- Born: 7 June 1922 Rosario, Santa Fe
- Died: 1 August 2011 (aged 89) Rosario
- Education: National University of the Littoral
- Known for: Rosarina Association of Sexual Education, Kinsey Institute
- Scientific career
- Fields: gynaecologist

= Ana María Zeno =

Argentinian professor (1922–2011)

Ana María Zeno de Luque (1922–2011) was an Argentine professor, gynaecologist, sexologist, and women's rights activist who specialized in sexual education and social medicine. She was a founding member of the "Rosarina Association of Sexual Education" (ARES), and of the Kinsey Institute of Sexology Rosario.

==Life==
She was the daughter of the surgeon Artemio Zeno and the niece of the surgeon Lelio Zeno. In 1948, she earned her medical degree from the National University of the Littoral, and in 1968, she was awarded a doctorate in medicine.

Zeno was a pioneer in the 1970s in the area of contraception. She wrote in opinion columns and published letters from readers in local and national newspapers. Together with her husband, the psychiatrist Dr. N. Luque, she established a home-centered medical practice.

Zeno was a pioneer in reproductive women's issues. When little was known about sexual education, Zeno promoted and developed counselors and professionals in the field. As a gynecologist, she encouraged the opening of spaces for the care of adolescents with sexual problems in hospitals, proclaiming the importance of talking about these issues and having policies on sexual and reproductive health.

In 1978, she was a founding member of the "Rosarina Association of Sexual Education" (ARES), and in 1983, the Kinsey Institute of Sexology Rosario.

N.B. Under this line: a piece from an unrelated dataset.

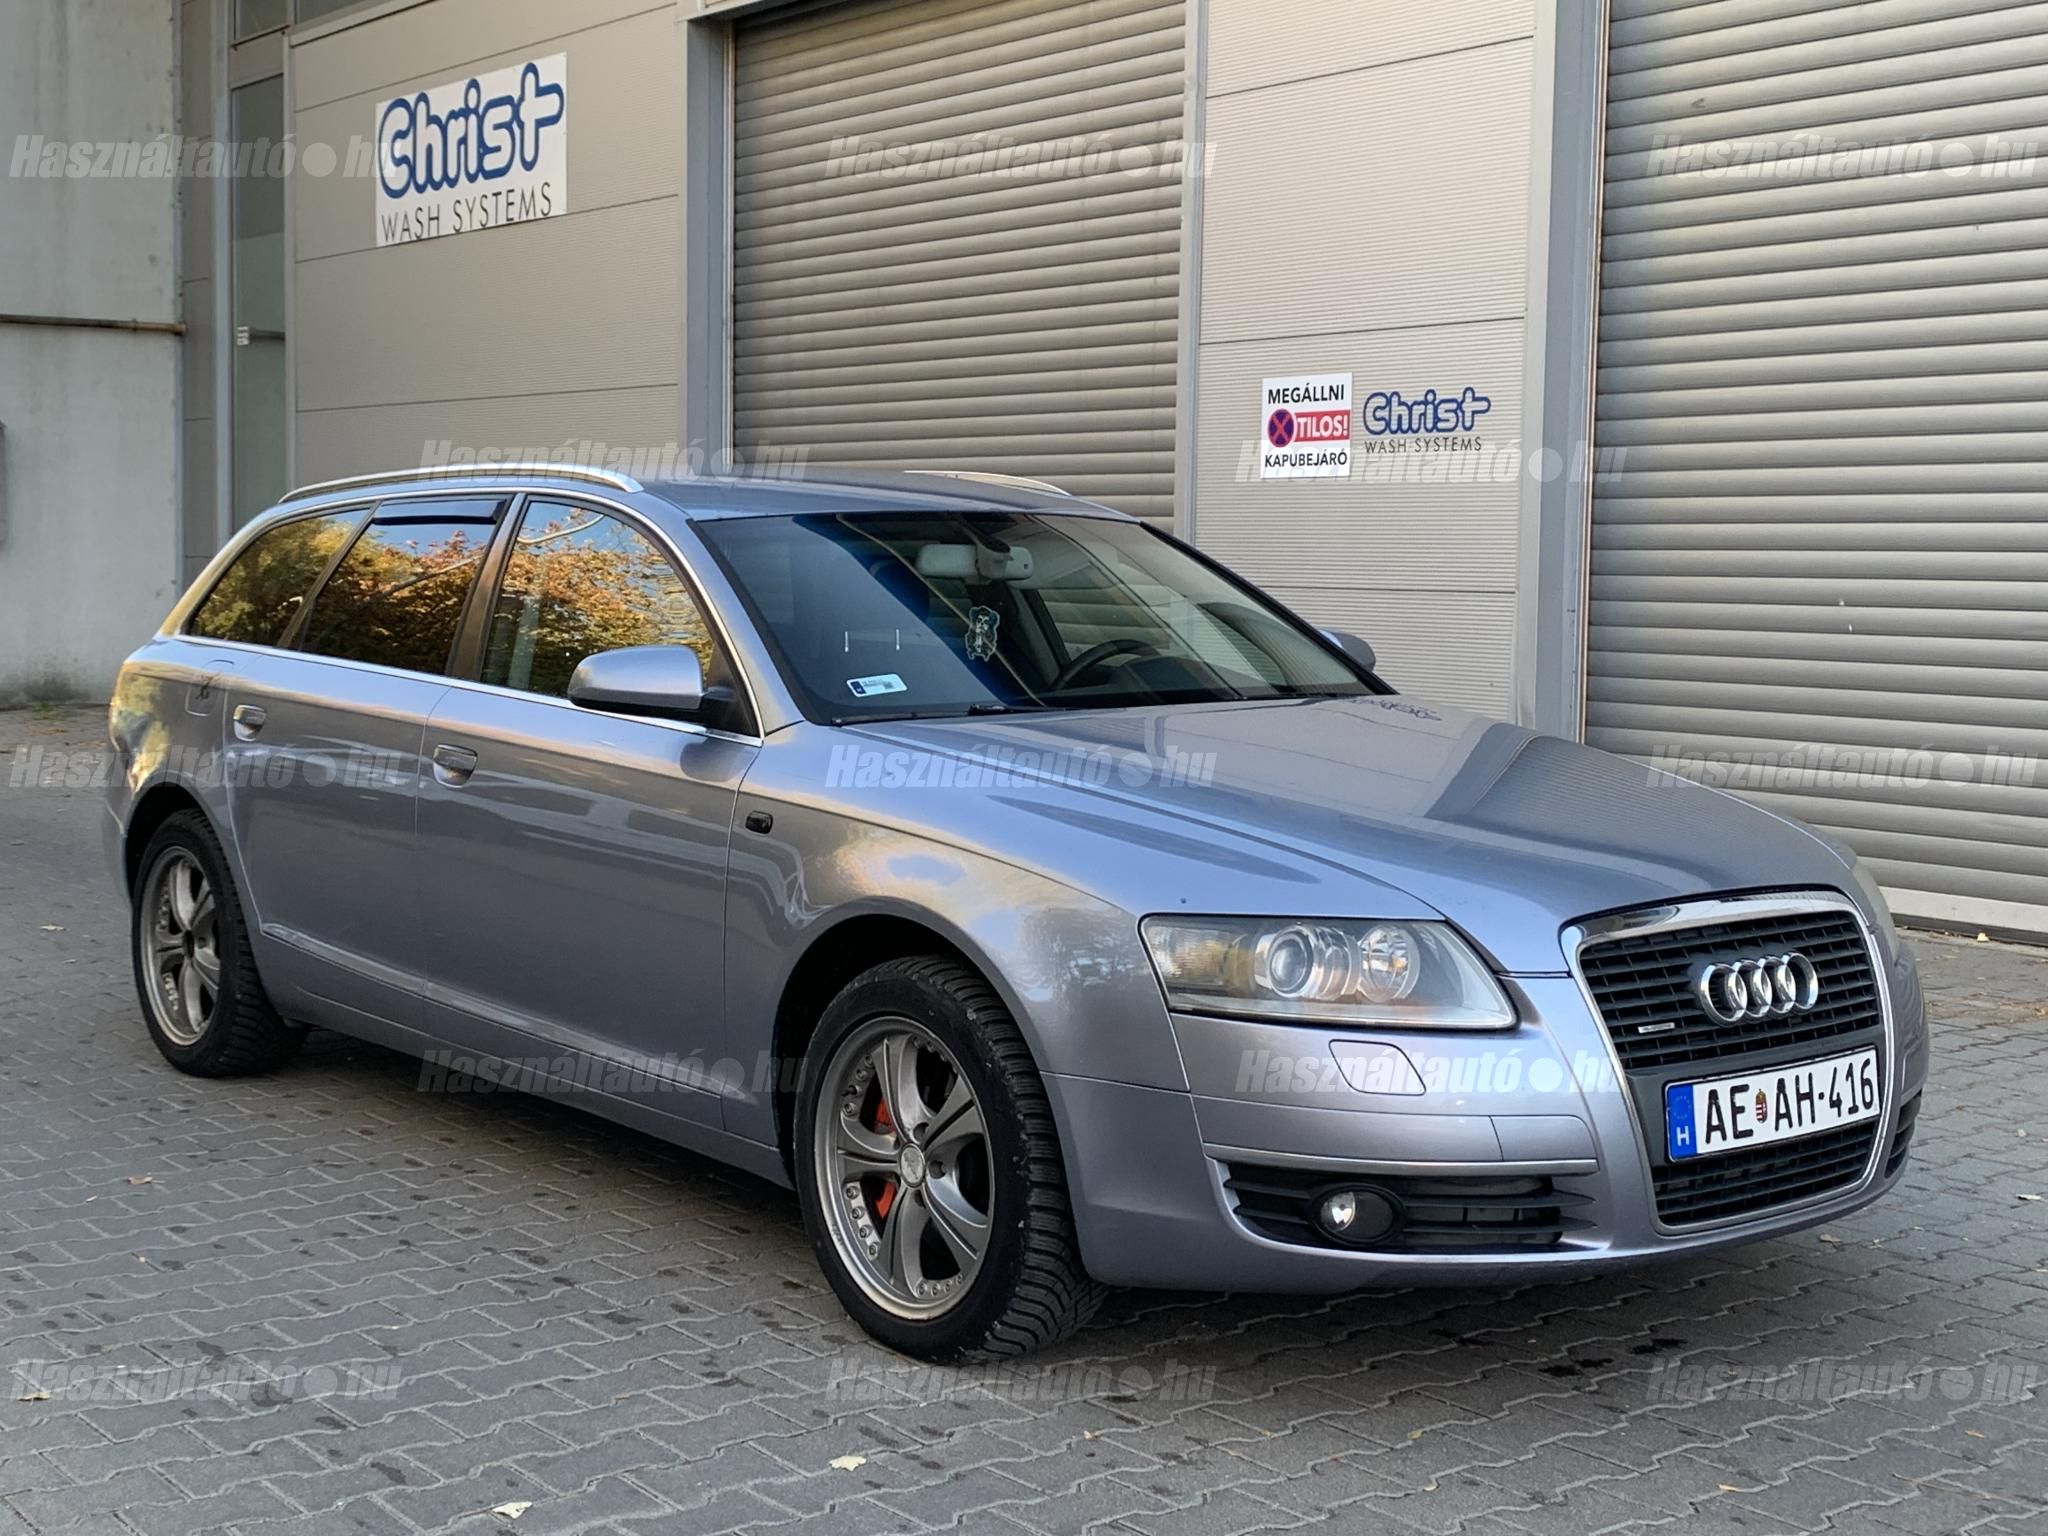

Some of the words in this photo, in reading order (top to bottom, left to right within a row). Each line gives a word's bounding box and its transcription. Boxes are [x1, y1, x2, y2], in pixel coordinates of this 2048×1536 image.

She also held positions at the municipal, provincial, and national levels.

Although her daughter disappeared during Argentina's military dictatorship, Zeno never abandoned the struggle for women's rights.

==Sources==
- Artemis. Monica Gogna. "What is not named, also it exists"
- The Capital. AM Zeno (28 March 2008).
- Lacapital.com.ar Paulina Schmidt: woman supplement (16 April 2006). "Tireless fighter"
- The Capital. AN Zeno (23 August 2008).